== DATA EXCERPTS

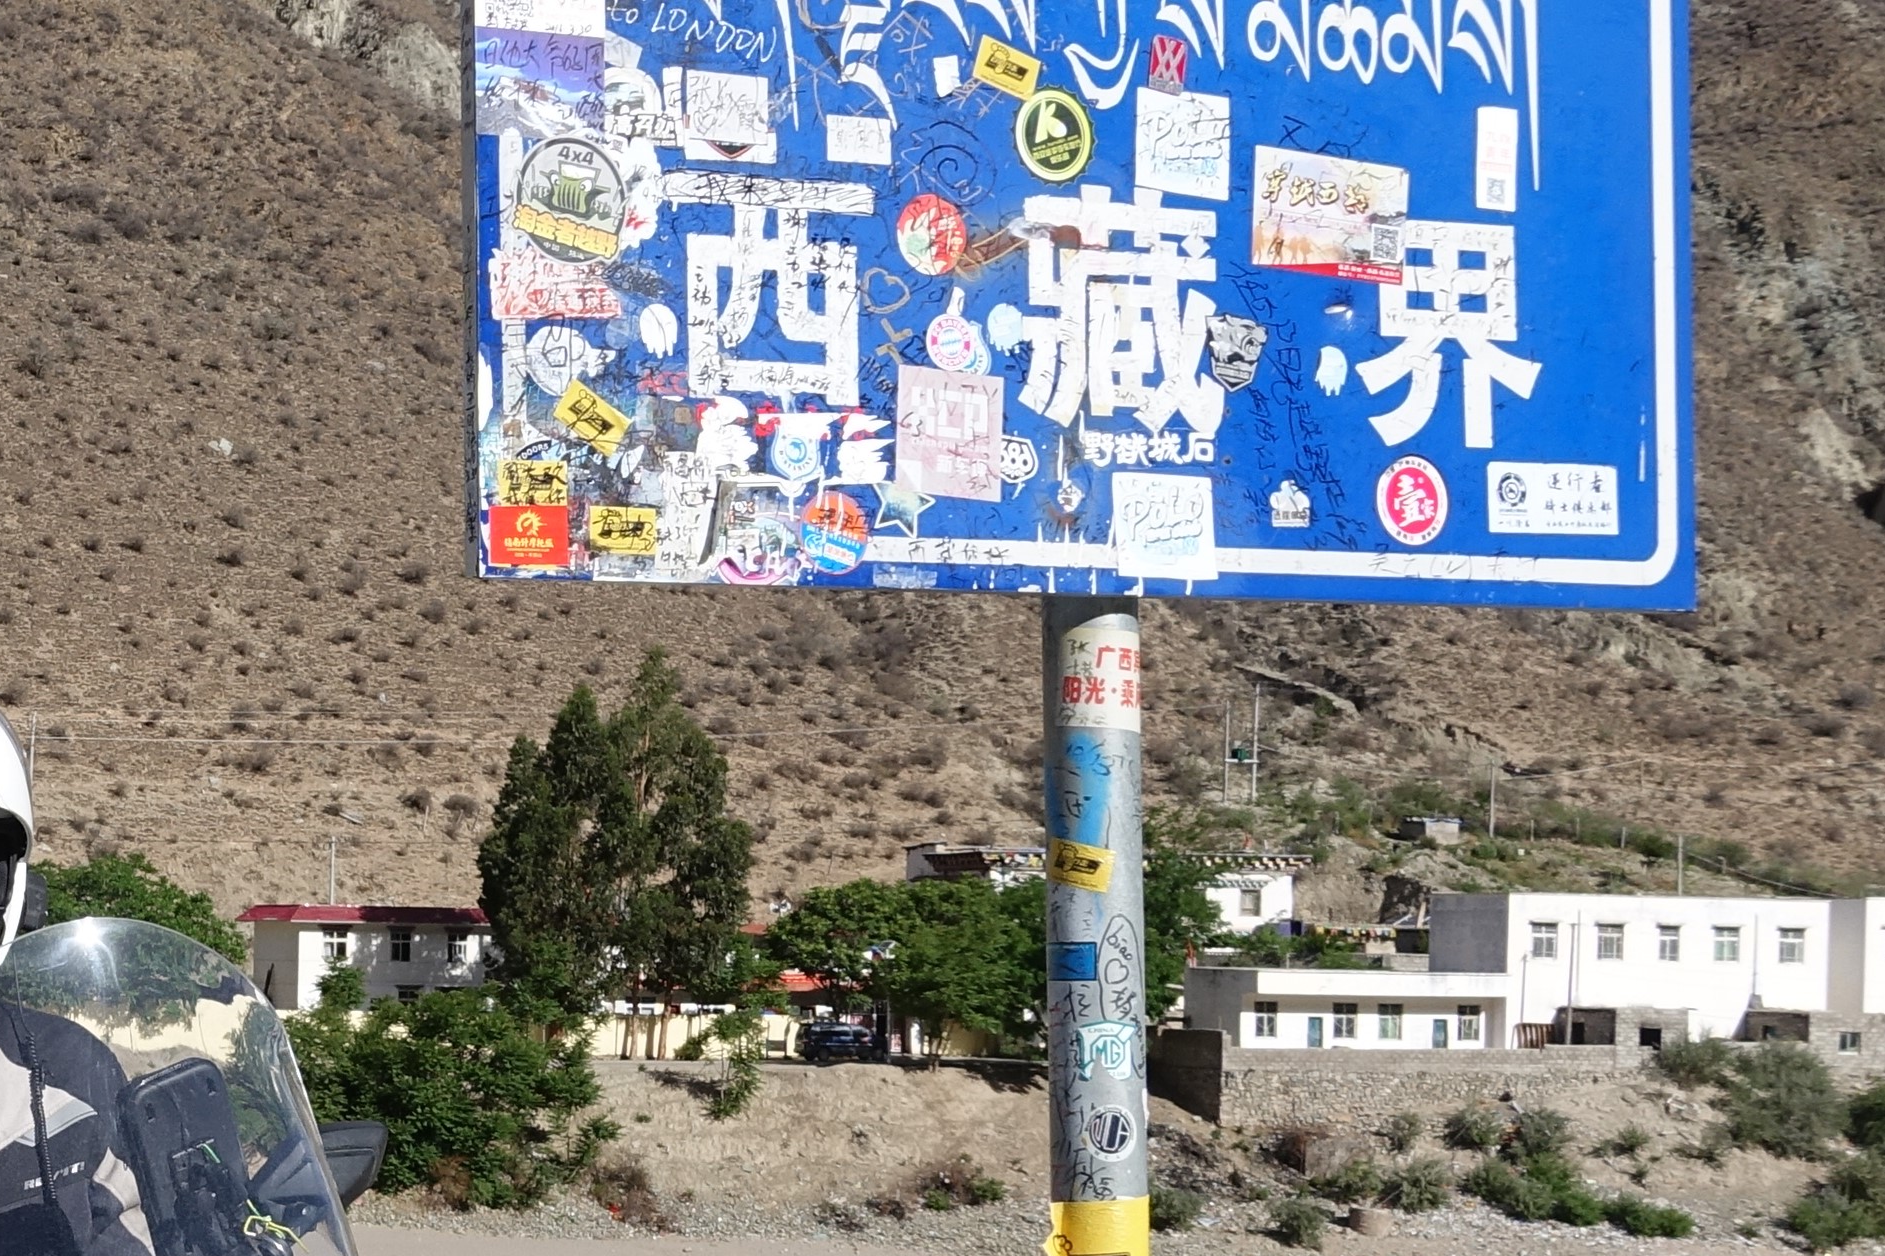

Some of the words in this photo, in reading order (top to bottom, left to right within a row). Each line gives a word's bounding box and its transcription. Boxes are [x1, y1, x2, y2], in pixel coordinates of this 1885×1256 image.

[651, 3, 778, 63] LONDON
[557, 145, 595, 166] 4x4
[512, 204, 619, 260] 淘金者越野
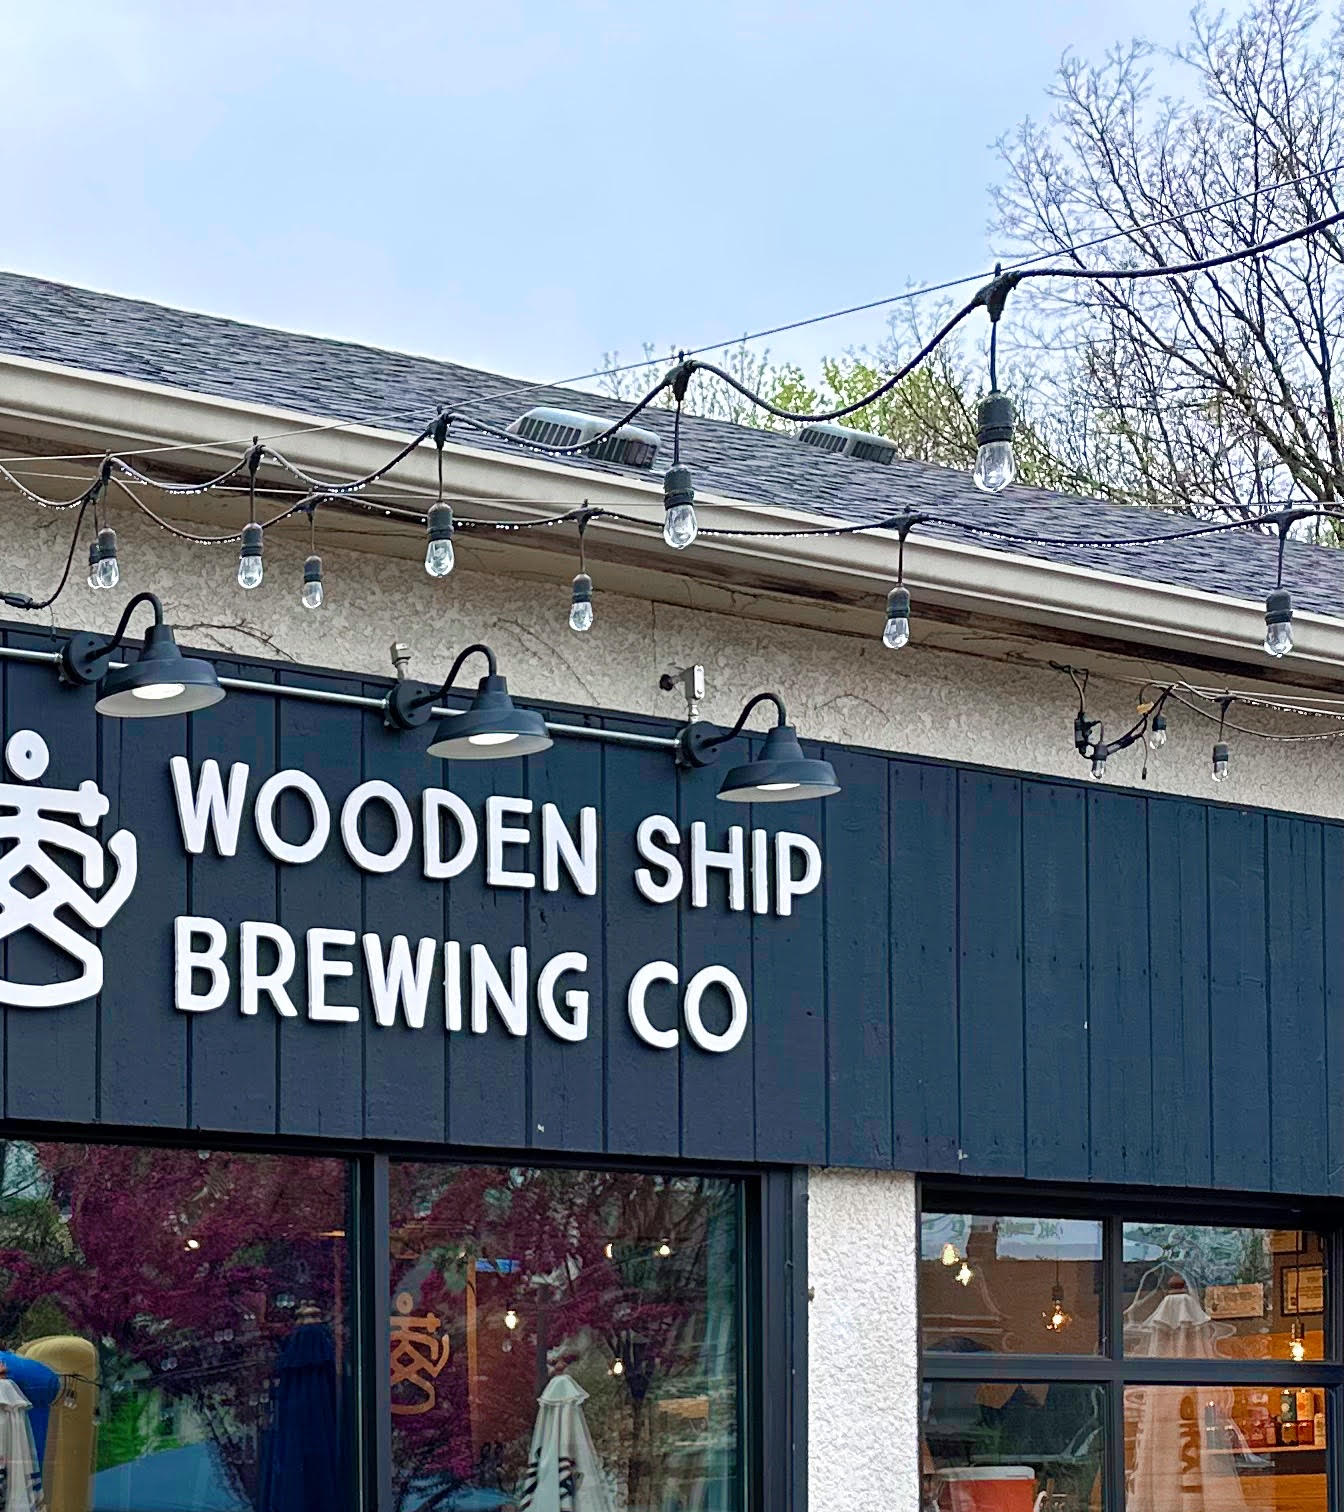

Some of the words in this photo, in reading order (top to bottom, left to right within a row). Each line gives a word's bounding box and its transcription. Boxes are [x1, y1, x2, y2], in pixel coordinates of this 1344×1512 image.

[169, 756, 598, 896] WOODEN
[634, 815, 823, 917] SHIP
[174, 915, 590, 1043] BREWING
[627, 960, 749, 1054] CO
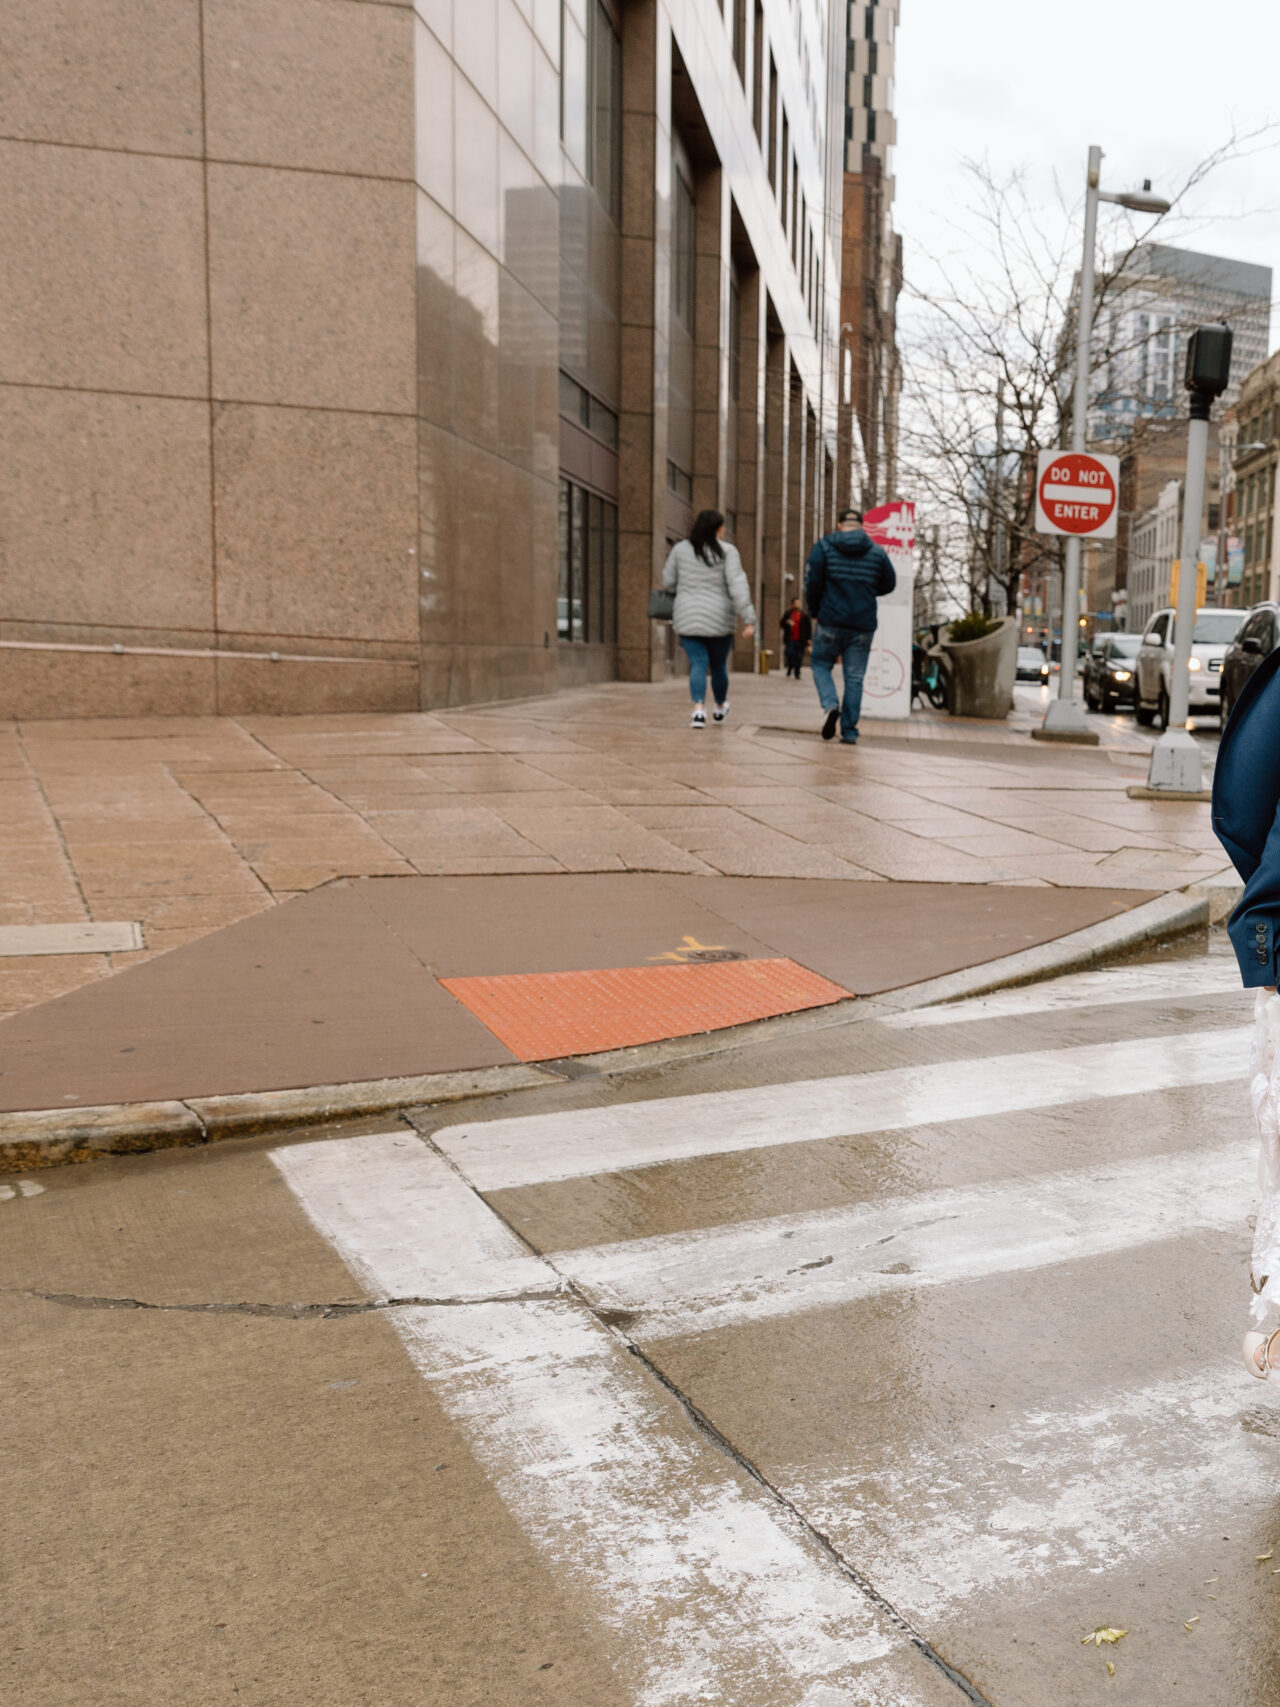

====

PROBLEM STATEMENT: Every line above should be repeated exactly; pictures stay out of the copy.

OUTPUT:
Some of the words in this photo, in reading order (top to bottom, left to right within a row). Each line gives a word's bounding box and its transcription. Boxes are [x1, y1, x2, y2], in pixel coordinates of this 1885×1256 image.

[651, 3, 778, 63] LONDON
[557, 145, 595, 166] 4x4
[512, 204, 619, 260] 淘金者越野

Some of the words in this photo, in reading order (top to bottom, left to right within a row). Each line gives a word's bounding box and its transcription. Boxes are [x1, y1, x2, y2], in pixel coordinates of this 1344×1512 image.

[169, 756, 598, 896] WOODEN
[634, 815, 823, 917] SHIP
[174, 915, 590, 1043] BREWING
[627, 960, 749, 1054] CO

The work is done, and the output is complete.